Sonia Sanchez (b. 1934)

    Contributing Editors:
    Joyce Joyce and John Reilly

    Classroom Issues and Strategies

    There is a widespread feeling that protest and politics are either inappropriate to literature or, if acceptable at certain times, the time for it has now passed.

    The whole course should be founded upon an acceptance of the fact that there are no a priori definitions for literature. Poetry is what the poet writes or the audience claims as poetry. The real issues are whether or not the poet sets out a plausible poetics (one neither too solipsistic nor so undiscriminating as to dissolve meaning) and whether or not the practice of the poet has the local excitement and disciplined language to make it aesthetically satisfying. Upon these premises, the study of Sonia Sanchez can proceed with attention to her idea of revolutionary poetry associated with nation building, as it was discussed in the 1960s and 1970s.

    Operating on the assumption that there is some common tradition underlying work of poets who declare ethnicity (African-American) as their common identity, useful discussion is possible about ways Sanchez differs from Michael Harper and Jay Wright. What differences in aesthetic and practice account for the relative complexity of Harper and Wright when contrasted with Sanchez? But, then, what allows us to consider them all black poets? Surely not merely the selection of subject matter?

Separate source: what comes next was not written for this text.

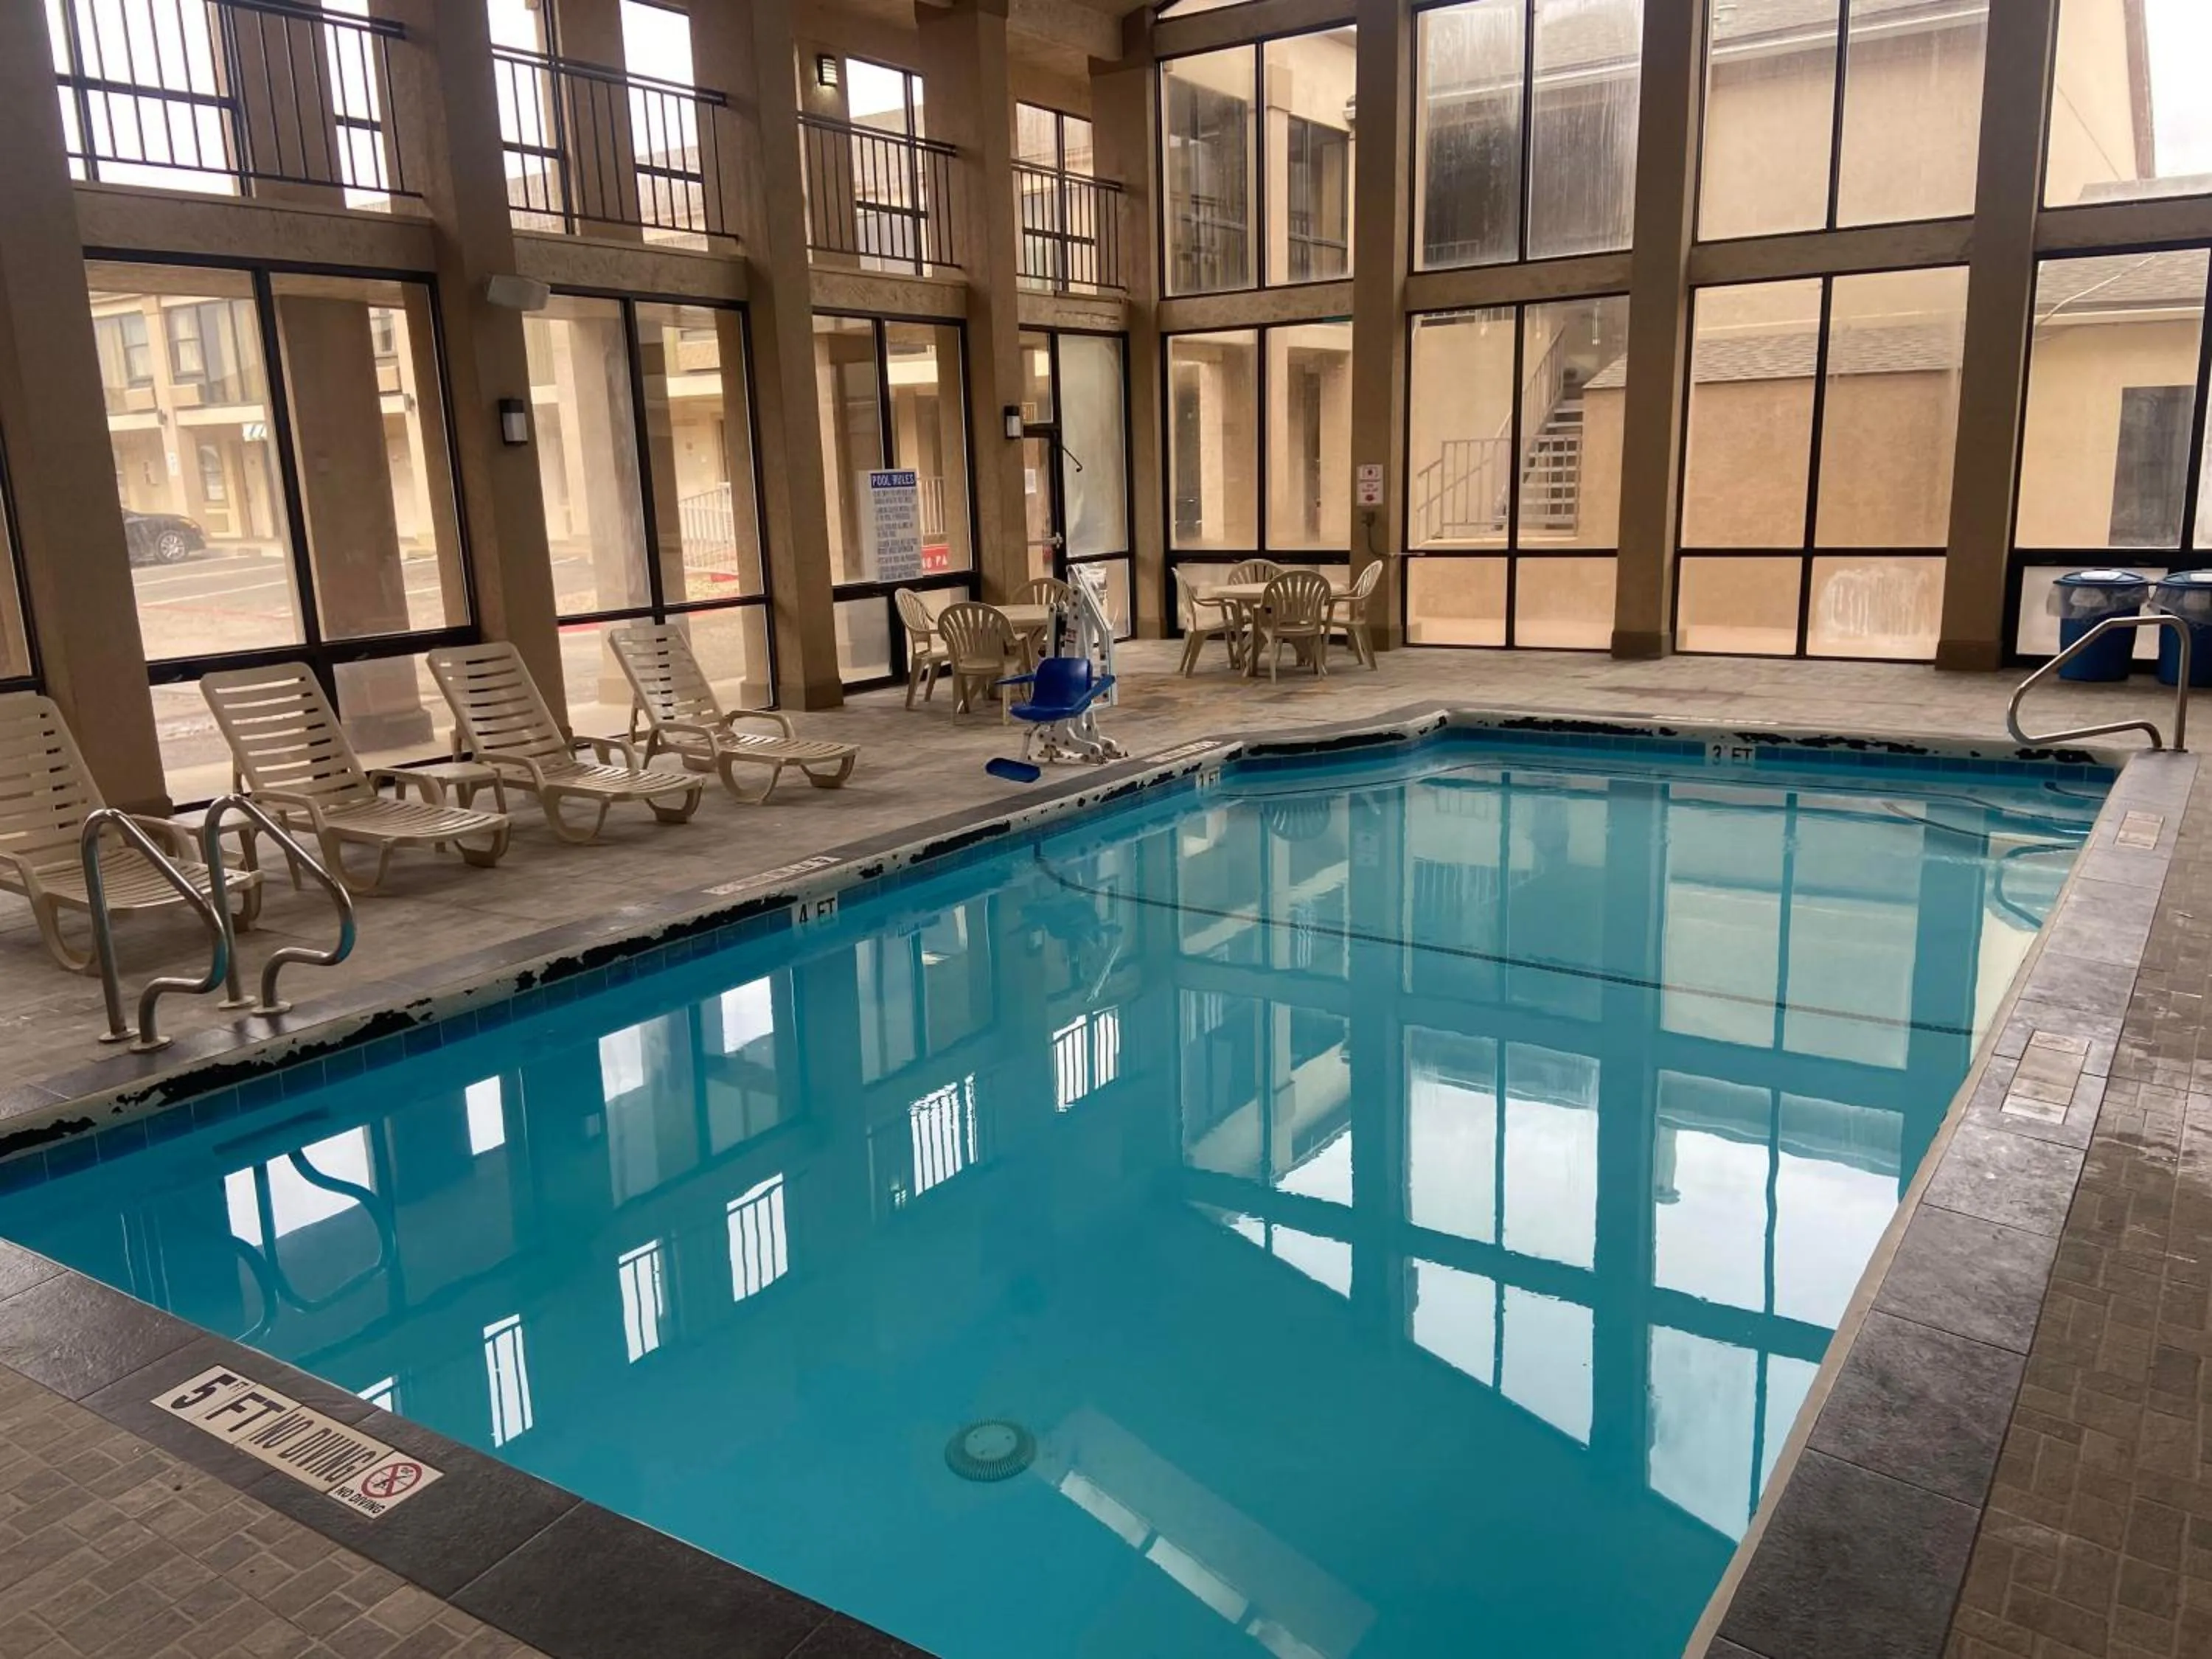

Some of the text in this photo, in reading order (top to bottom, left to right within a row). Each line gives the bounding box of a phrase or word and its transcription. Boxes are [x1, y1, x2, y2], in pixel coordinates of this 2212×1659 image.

    Major Themes, Historical Perspectives, and Personal Issues

    The historical and political are boldly set out in Sanchez's poetry. The personal may be overlooked by the hasty reader, but the poetry develops a persona with a highly subjective voice conveying the impression of a real human being feeling her way to positions, struggling to make her expressive declarative writing conform to her intuitions and interior self. This tension once observed makes all the themes arranged around the black aesthetic and black politics also accessible.

    Significant Form, Style, or Artistic Conventions

    The "eye" devices (lowercase letters, speed writing, fluid lines) along with the free form of verse and vernacular word choice are avant-garde devices seen in the work of many other poets. The point here is to see them associated with an aesthetic that privileges the oral and musical. For Sanchez it would be valuable to point to the frequency with which African-American poets allude to jazz performers, even making their lines sound like a musical instrument, just as, historically, musical instruments imitated the sounds of voice in early jazz and blues. This would make the vigor of the poem on the Righteous Brothers understandable, for music is a talisman of African-American culture. It would also set up a useful contrast between poetry written for print and poetry written to simulate the ephemerality of performed music or song.

    Original Audience

    For Sanchez these questions have great importance, for she has undergone important changes that have brought the spiritual and personal more forward in her verse. Dating her poems in connection with political events is very important. One might, for example, talk about an avowedly nationalist poetry written for a struggle to assert values believed to be a source of community solidarity. There are many parallels to suggest, including the writing of Irish authors in English, Jewish-American writers adapting the sounds of Yiddish to an exploration of traditional values in English, etc. Following the nationalist period of her work we see a shift of focus. One must ask students if the elements centered in the newer poems were not already present before. The appropriate answer (yes) will permit assertion of the developing nature of a writer's corpus, something worth presenting in all courses.

    Comparisons, Contrasts, Connections

    "Just Don't Never Give Up on Love" could be contrasted with confessional verse such as Sylvia Plath's "Daddy" to distinguish the ways feeling can be distanced. Similarly the feminist voices of Adrienne Rich and Marge Piercy can introduce subtle distinctions when contrasted with the same Sanchez narrative/poem. What, we might ask, is the basis of distinction: formal or attitudinal?

    Questions for Reading and Discussion/Approaches to Writing

    1. Recalling the use made of the mask by Paul Laurence Dunbar, consider what differences have occurred to change the meaning of that image in the 88 years until Sanchez published "Masks."

    2. A society may be culturally diverse; yet, that does not mean that cultures are similarly powerful or influential. Discuss the way that Sonia Sanchez and other revolutionary black poets see the relationship between their culture and that of the dominant white society.


    Joyce, Joyce A. "The Development of Sonia Sanchez: A Continuing Journey." Indian Journal of American Studies 13 (July 1983): 37-71.

    __. Ijala: Sonia Sanchez and the African Poetic Tradition. Chicago: Third World Press, 1996.

    Harris, Trudier and Thadious Davis, ed. Dictionary of Literary Biography: Afro-American Poets Since 1955. 1985. 295-306.

    Tate, Claudia. Black Women Writers at Work. New York: Continuum Press, 1983.132-148.